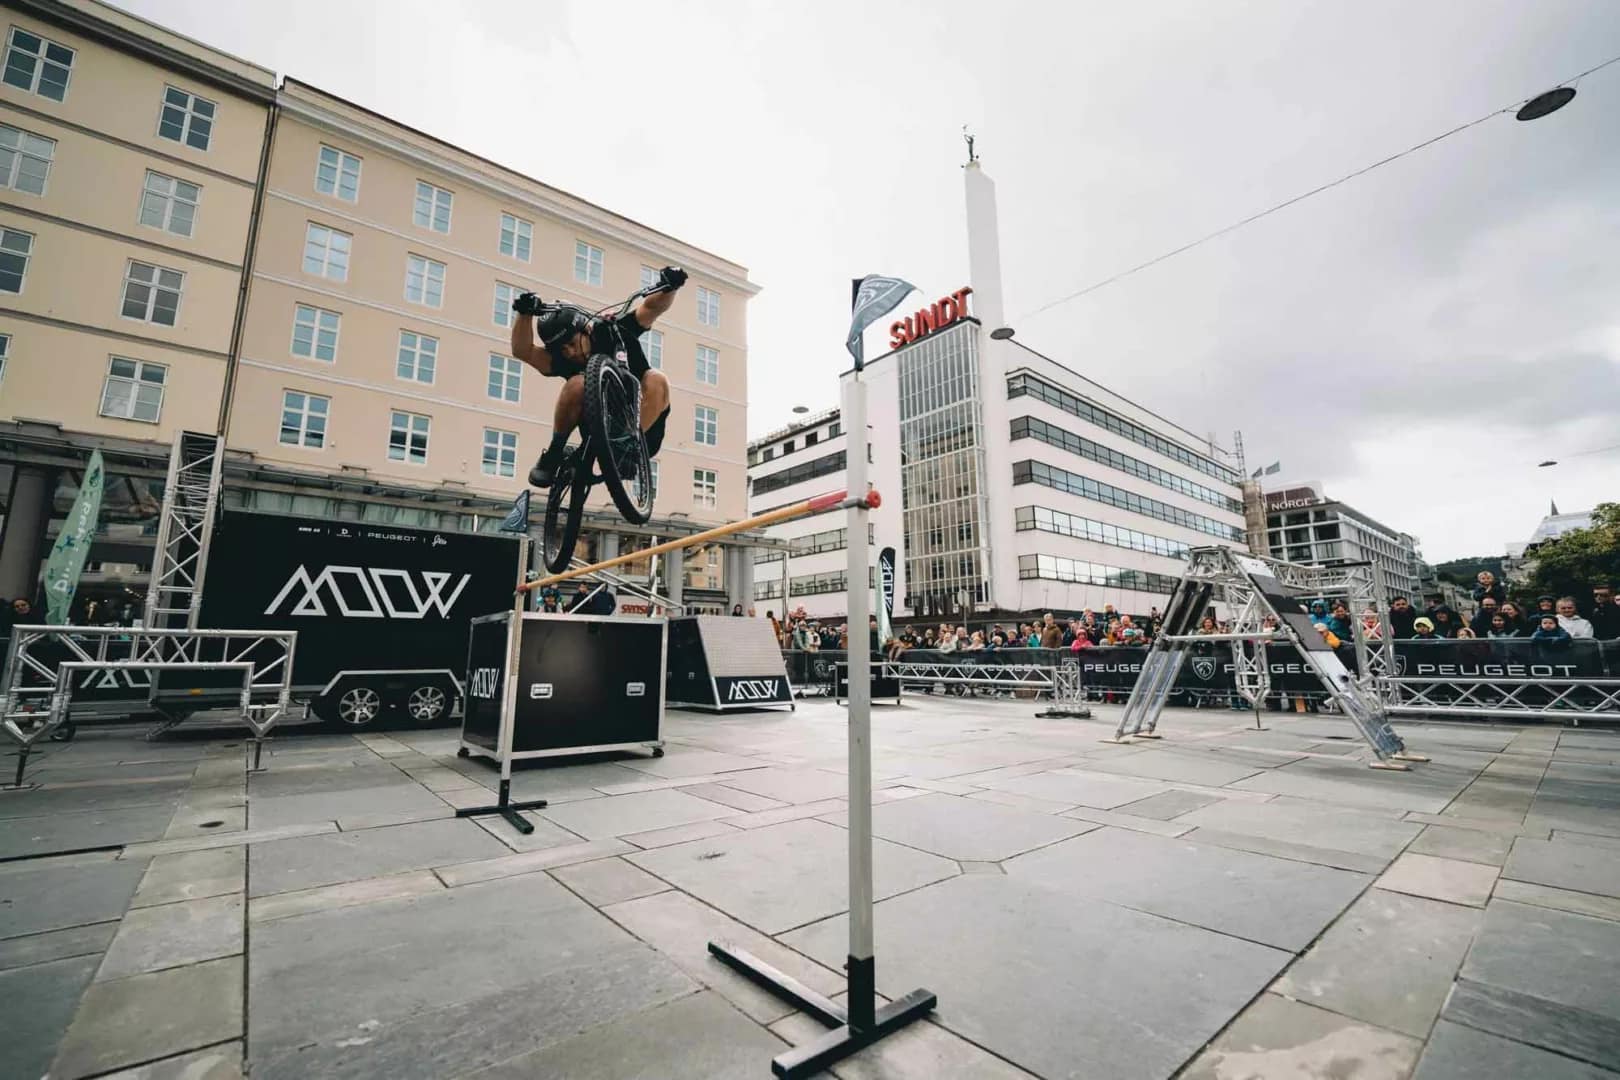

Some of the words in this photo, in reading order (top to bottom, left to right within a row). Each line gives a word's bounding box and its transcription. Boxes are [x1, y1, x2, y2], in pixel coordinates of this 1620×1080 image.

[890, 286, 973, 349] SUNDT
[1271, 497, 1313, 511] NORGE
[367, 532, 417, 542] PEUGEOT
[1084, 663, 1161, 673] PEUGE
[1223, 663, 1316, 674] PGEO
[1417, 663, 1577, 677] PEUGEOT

--------------------------------

Print all of the entries word for word. Omit the pictures they contain.

▶ [SOLUTION TO THE PROBLEM]
Some of the words in this photo, in reading order (top to bottom, left to right within a row). Each line gives a word's bounding box and its transcription. Boxes are [x1, y1, x2, y2], in pixel coordinates of this 1620×1080 image.

[890, 286, 973, 349] SUNDT
[1271, 497, 1313, 511] NORGE
[367, 532, 417, 542] PEUGEOT
[1084, 663, 1161, 673] PEUGE
[1223, 663, 1316, 674] PGEO
[1417, 663, 1577, 677] PEUGEOT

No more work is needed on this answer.